> Exercise directions
Set down a true copy of the data, with all pictures left out.

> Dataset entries
========
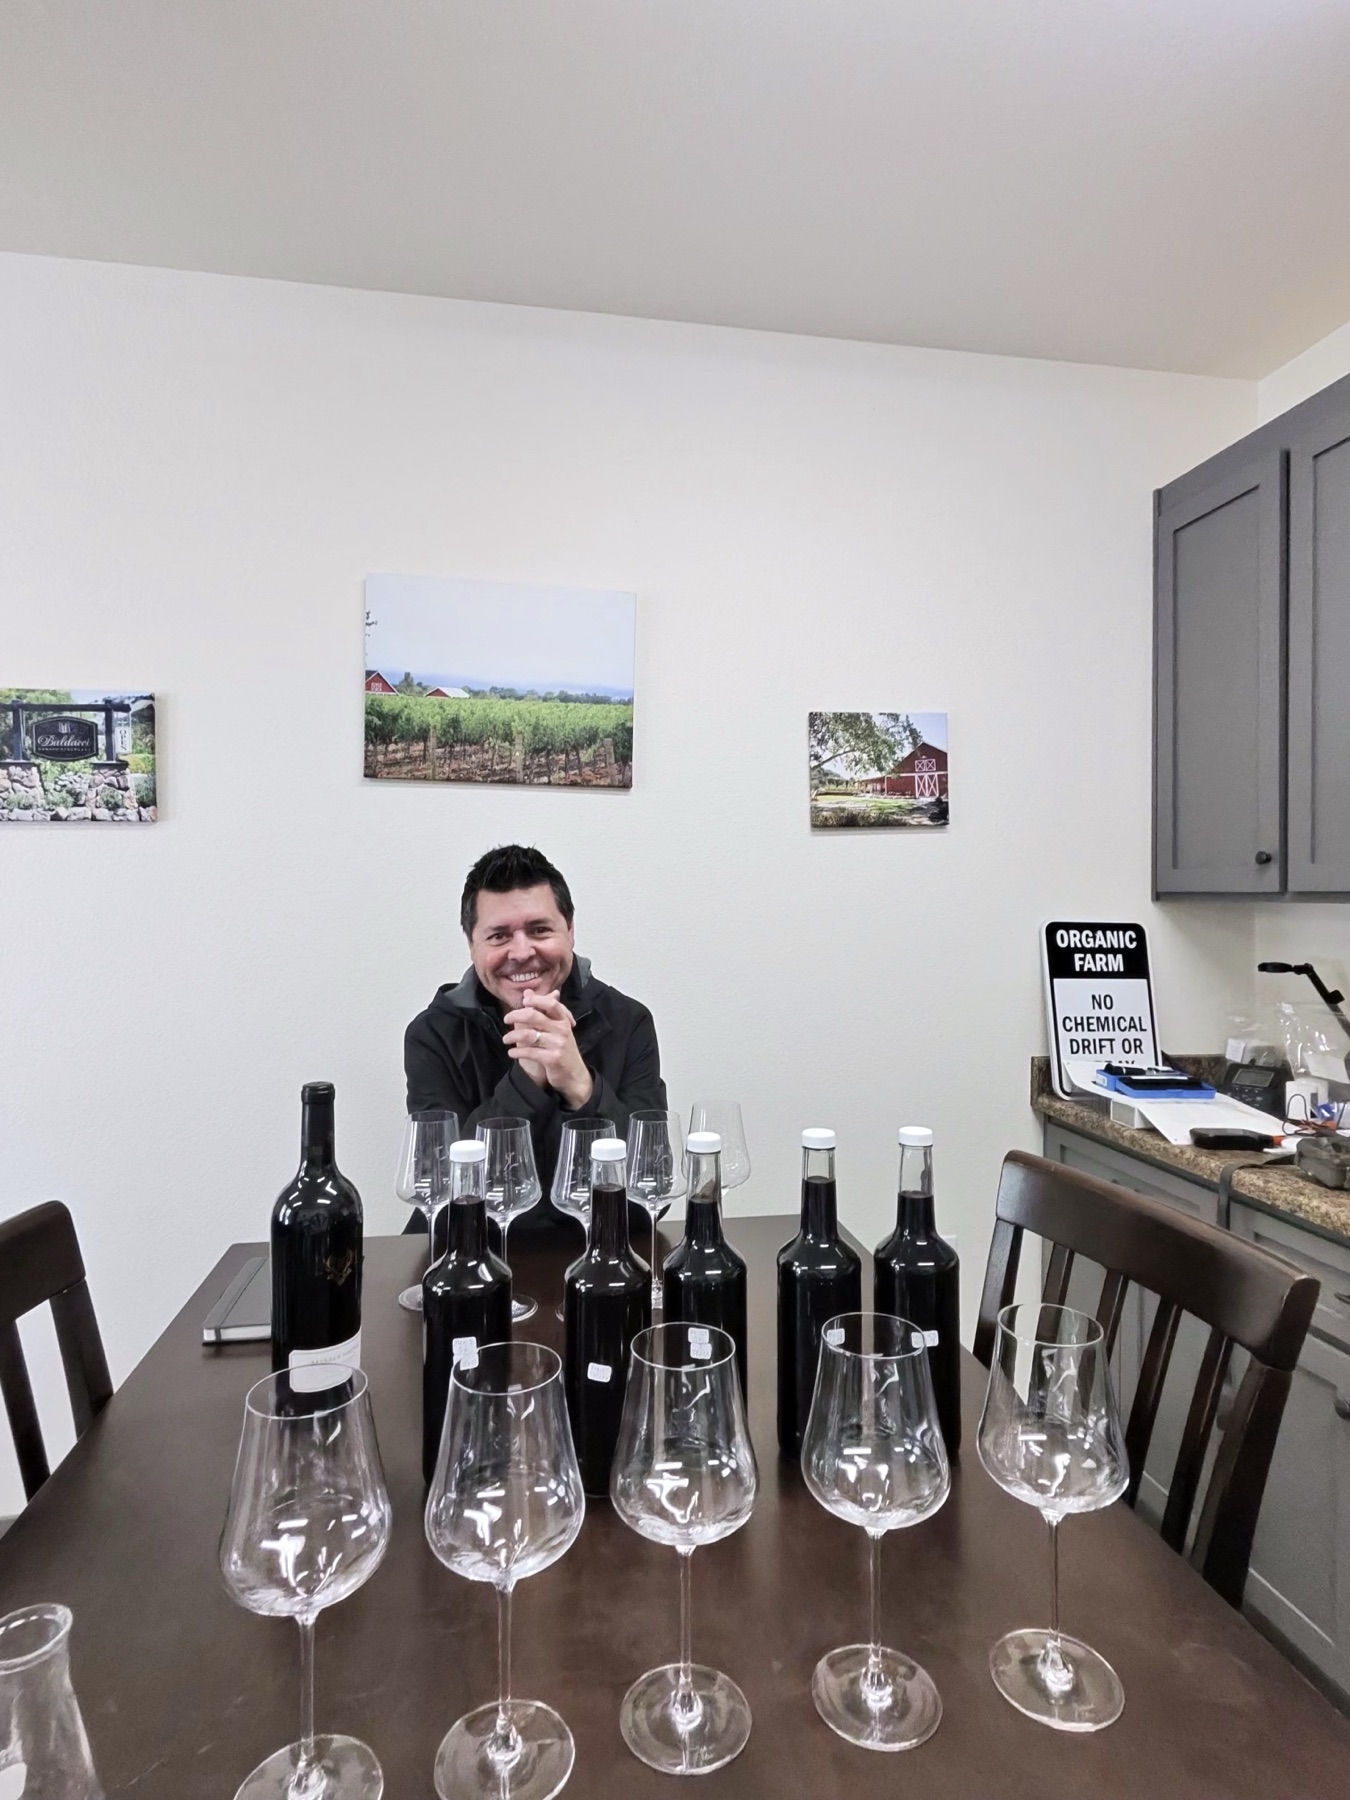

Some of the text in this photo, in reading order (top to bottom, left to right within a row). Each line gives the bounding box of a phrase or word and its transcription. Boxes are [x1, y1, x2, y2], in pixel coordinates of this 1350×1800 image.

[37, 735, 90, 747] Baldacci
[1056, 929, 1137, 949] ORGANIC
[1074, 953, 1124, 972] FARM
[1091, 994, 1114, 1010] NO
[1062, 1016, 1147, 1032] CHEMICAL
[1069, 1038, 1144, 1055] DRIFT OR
========
> Finished task
Some of the text in this photo, in reading order (top to bottom, left to right within a row). Each line gives the bounding box of a phrase or word and its transcription. Boxes are [x1, y1, x2, y2], in pixel coordinates of this 1350×1800 image.

[37, 735, 90, 747] Baldacci
[1056, 929, 1137, 949] ORGANIC
[1074, 953, 1124, 972] FARM
[1091, 994, 1114, 1010] NO
[1062, 1016, 1147, 1032] CHEMICAL
[1069, 1038, 1144, 1055] DRIFT OR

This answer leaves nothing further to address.